Activity: Reproduce the listing below word for word, with no pictures.

Supplied entries:

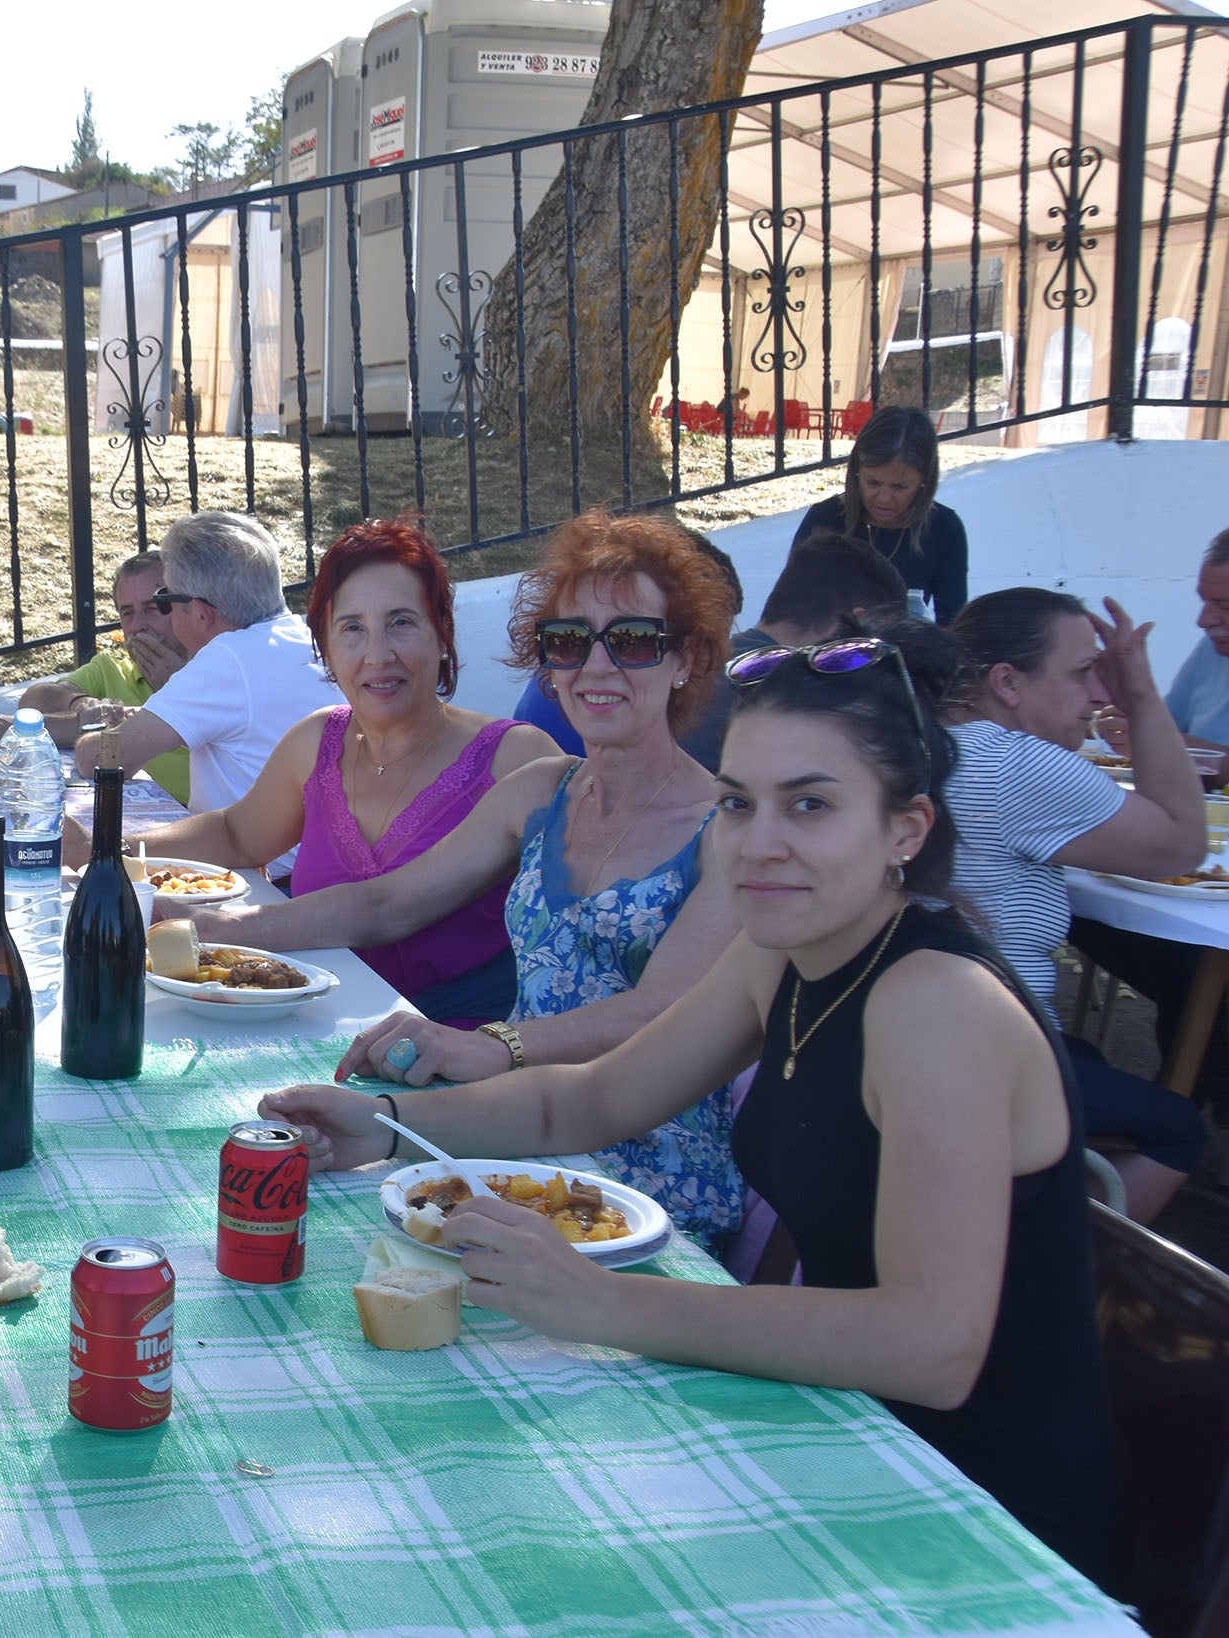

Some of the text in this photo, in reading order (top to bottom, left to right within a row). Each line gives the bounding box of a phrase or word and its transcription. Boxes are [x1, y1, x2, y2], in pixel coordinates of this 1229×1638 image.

[480, 53, 522, 62] ALQUILER
[525, 56, 548, 71] 923
[553, 57, 568, 72] 28
[571, 58, 586, 73] 87
[488, 63, 515, 71] VENTA
[229, 1220, 248, 1230] ZERO

Result for this task:
Some of the text in this photo, in reading order (top to bottom, left to right within a row). Each line gives the bounding box of a phrase or word and its transcription. Boxes are [x1, y1, x2, y2], in pixel coordinates of this 1229×1638 image.

[480, 53, 522, 62] ALQUILER
[525, 56, 548, 71] 923
[553, 57, 568, 72] 28
[571, 58, 586, 73] 87
[488, 63, 515, 71] VENTA
[229, 1220, 248, 1230] ZERO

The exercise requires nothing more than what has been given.